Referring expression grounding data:
----------

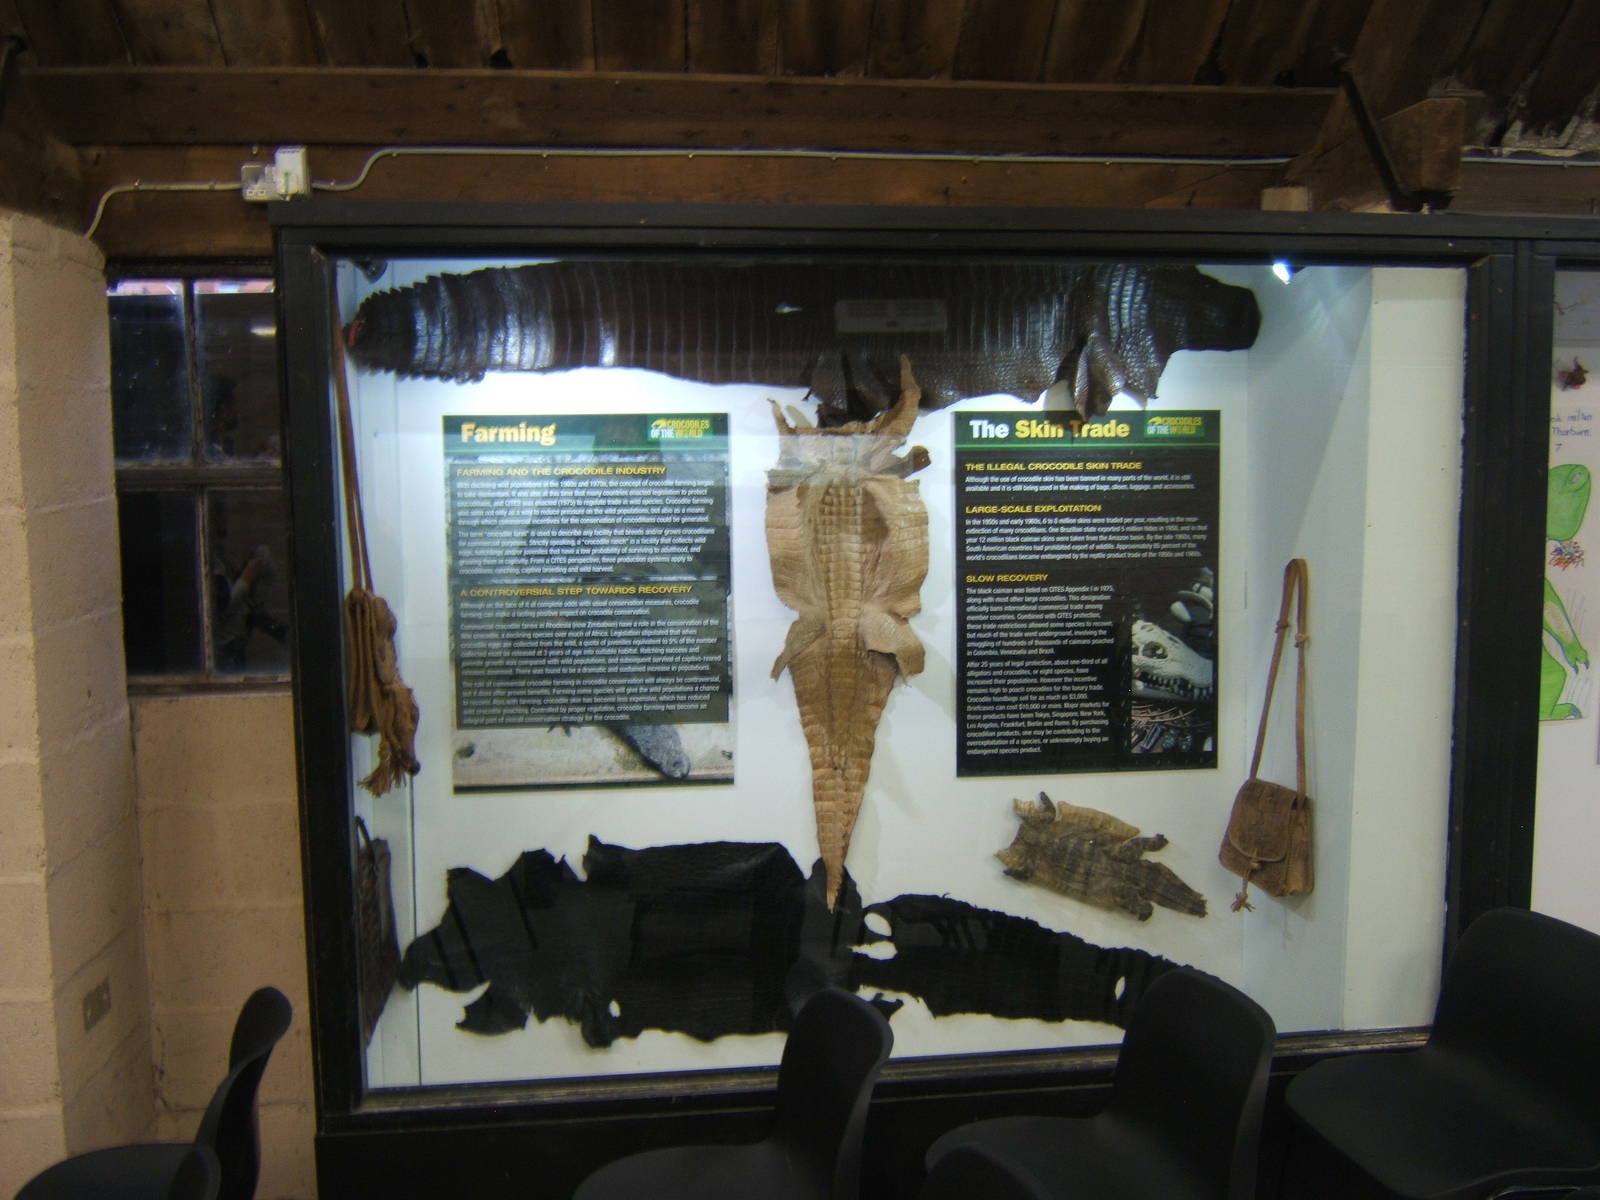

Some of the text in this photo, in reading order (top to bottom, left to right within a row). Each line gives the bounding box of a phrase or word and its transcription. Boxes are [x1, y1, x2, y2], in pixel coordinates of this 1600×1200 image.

[650, 428, 660, 438] OF
[661, 428, 674, 438] THE
[969, 420, 1009, 438] The
[1015, 419, 1064, 438] Skin
[461, 422, 556, 446] Farming
[456, 468, 504, 476] FARMING
[553, 467, 613, 475] CROCODILE
[616, 466, 666, 475] INDUSTRY
[1034, 504, 1102, 512] EXPLOITATION
[996, 574, 1048, 582] RECOVERY
[469, 588, 554, 596] CONTROVERSIAL
[557, 586, 582, 595] STEP
[586, 586, 636, 595] TOWARDS
[638, 584, 693, 594] RECOVERY
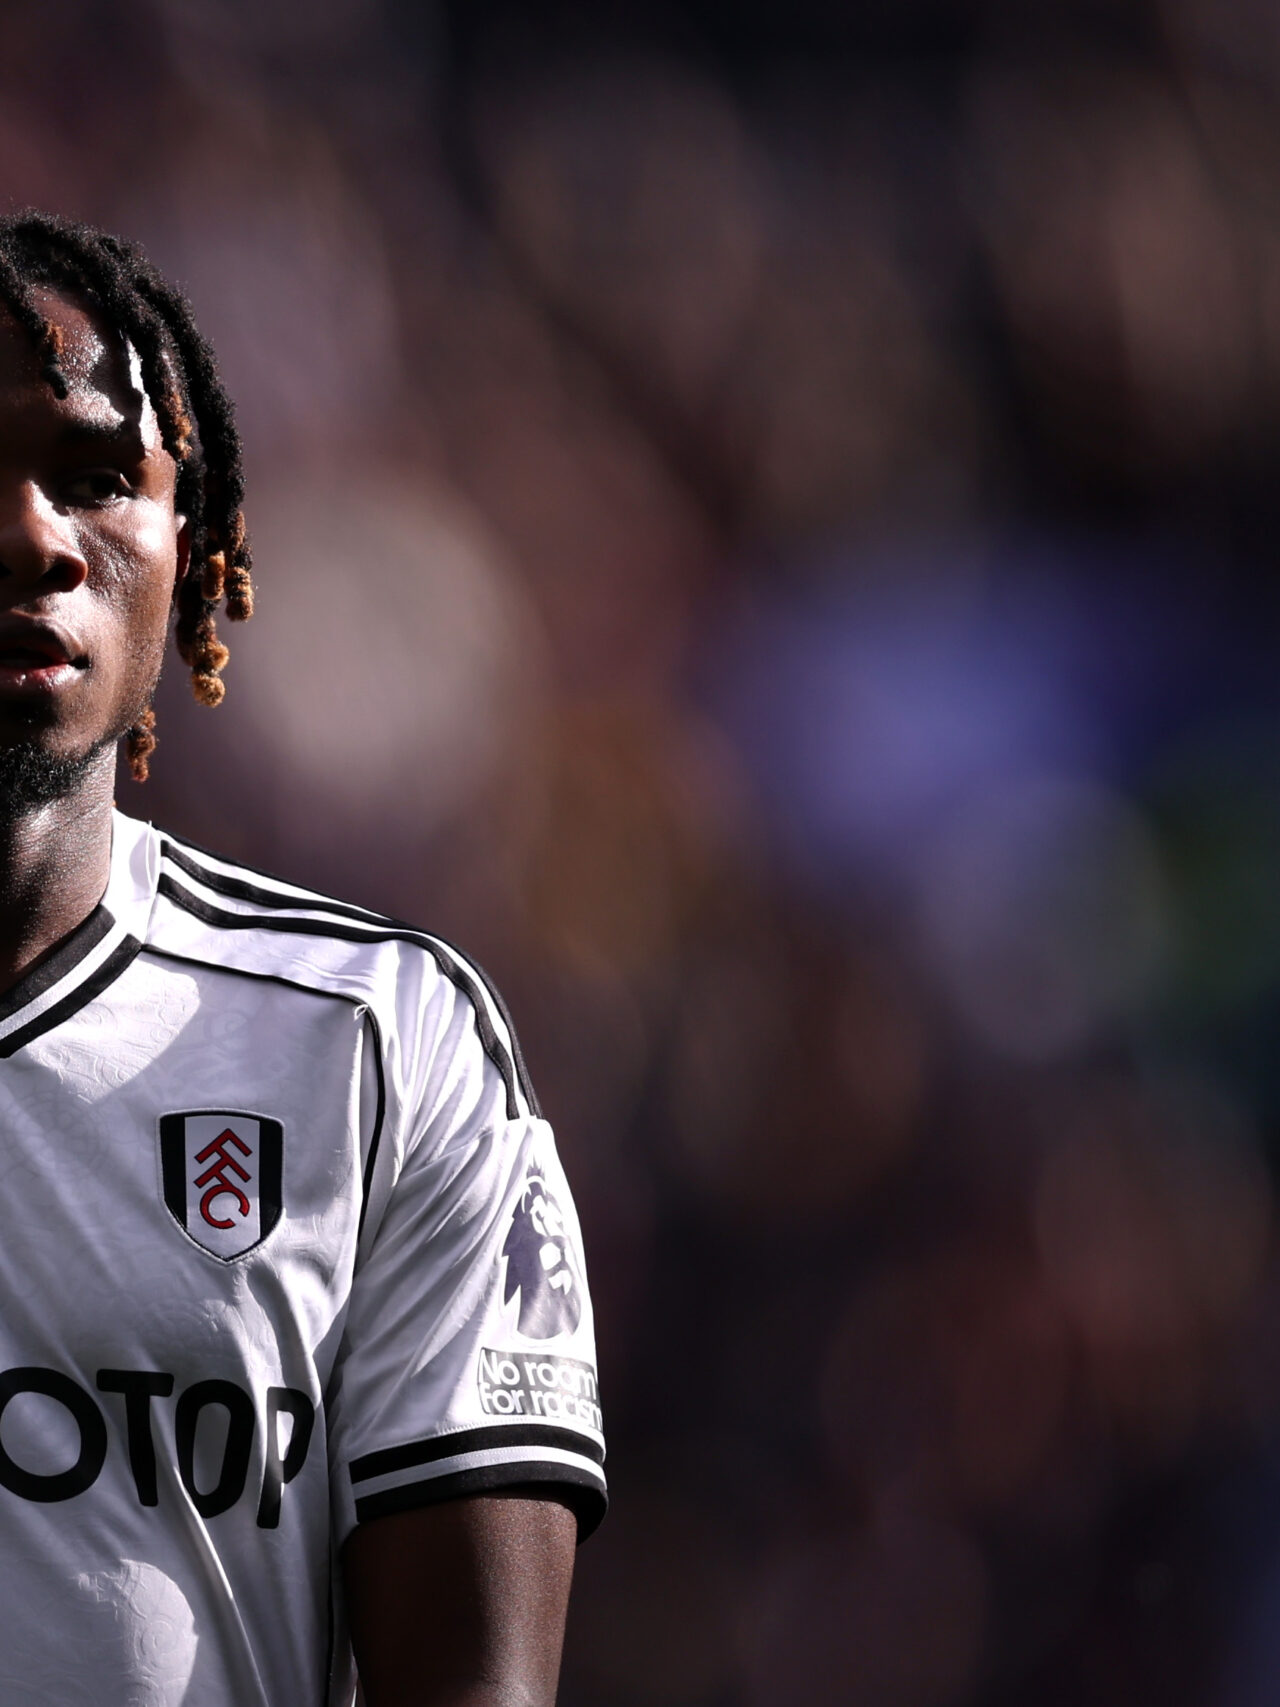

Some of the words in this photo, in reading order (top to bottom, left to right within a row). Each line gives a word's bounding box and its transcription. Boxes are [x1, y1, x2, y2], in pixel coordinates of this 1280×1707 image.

[194, 1129, 252, 1228] FFC
[479, 1350, 520, 1386] No
[524, 1362, 597, 1400] room
[480, 1382, 524, 1413] for
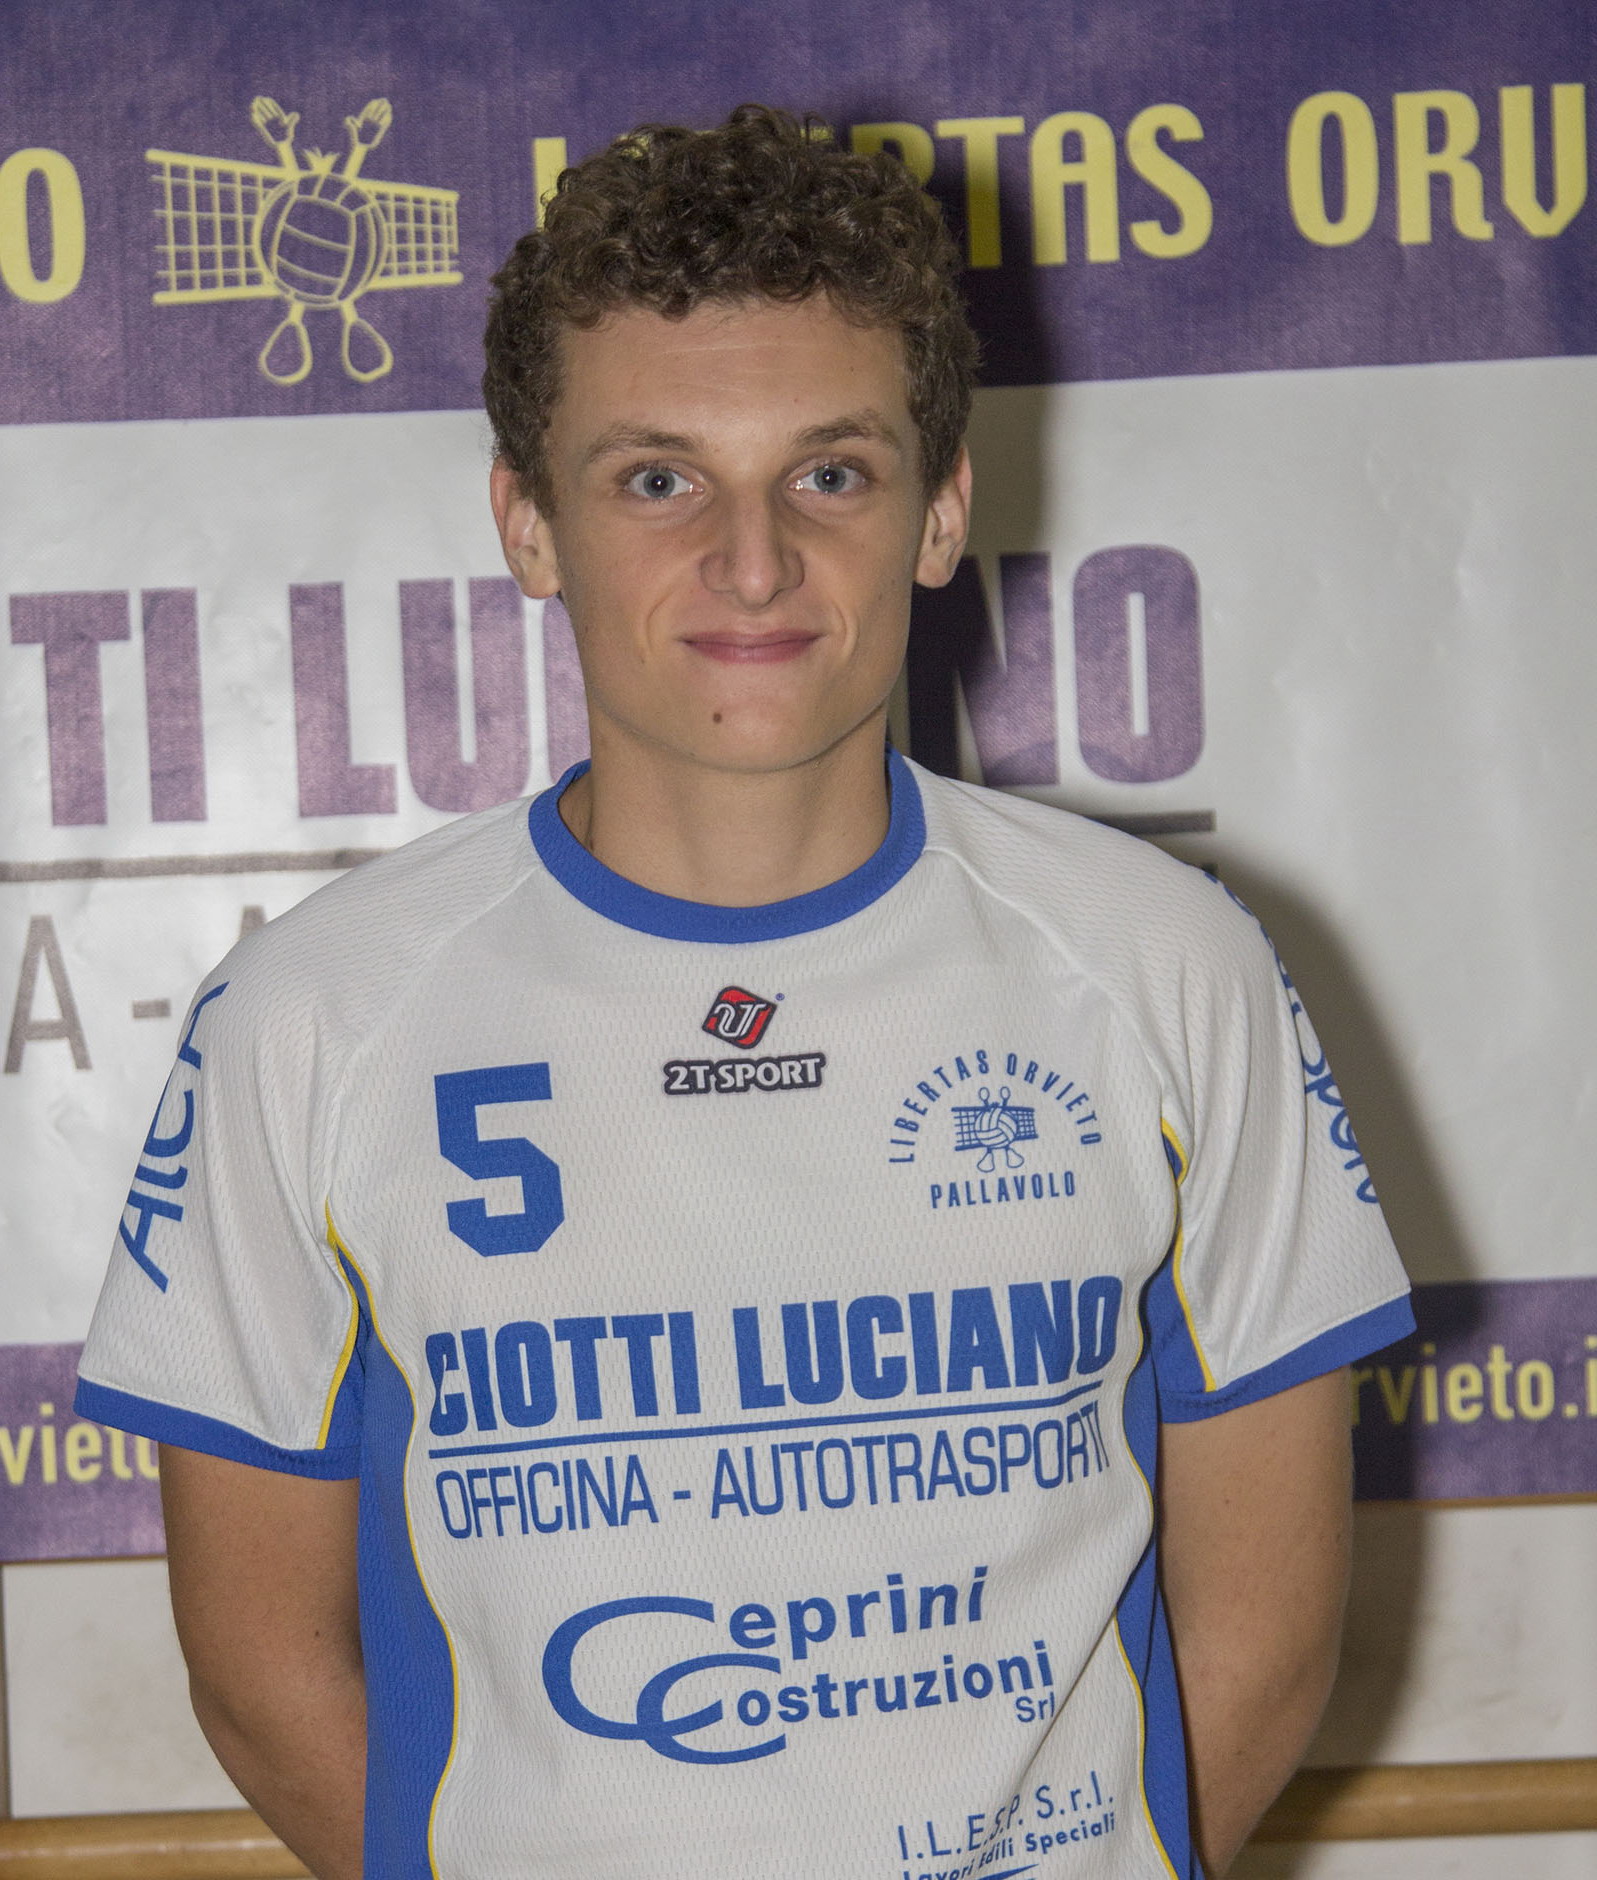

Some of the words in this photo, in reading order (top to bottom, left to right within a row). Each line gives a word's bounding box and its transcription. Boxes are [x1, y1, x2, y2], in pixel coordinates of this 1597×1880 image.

[10, 586, 208, 827] TI
[716, 1056, 823, 1090] SPORT
[889, 1050, 990, 1163] LIBERTAS
[1006, 1053, 1103, 1146] ORVIETO
[434, 1061, 565, 1258] 5
[930, 1171, 1076, 1209] PALLAVOLO
[425, 1310, 702, 1438] CIOTTI
[732, 1275, 1123, 1410] LUCIANO
[436, 1453, 659, 1540] OFFICINA
[711, 1400, 1110, 1520] AUTOTRASPORTI
[542, 1565, 989, 1740] Ceprini
[636, 1640, 1056, 1765] Costruzioni
[1016, 1692, 1056, 1725] Srl
[1025, 1812, 1115, 1854] Speciali

----------

■ What is required:
From the line that holds "this 1597×1880 image." to the last line of the records above, print each line exactly. Add nothing else.

■ Finished exercise:
Some of the words in this photo, in reading order (top to bottom, left to right within a row). Each line gives a word's bounding box and its transcription. Boxes are [x1, y1, x2, y2], in pixel coordinates of this 1597×1880 image.

[10, 586, 208, 827] TI
[716, 1056, 823, 1090] SPORT
[889, 1050, 990, 1163] LIBERTAS
[1006, 1053, 1103, 1146] ORVIETO
[434, 1061, 565, 1258] 5
[930, 1171, 1076, 1209] PALLAVOLO
[425, 1310, 702, 1438] CIOTTI
[732, 1275, 1123, 1410] LUCIANO
[436, 1453, 659, 1540] OFFICINA
[711, 1400, 1110, 1520] AUTOTRASPORTI
[542, 1565, 989, 1740] Ceprini
[636, 1640, 1056, 1765] Costruzioni
[1016, 1692, 1056, 1725] Srl
[1025, 1812, 1115, 1854] Speciali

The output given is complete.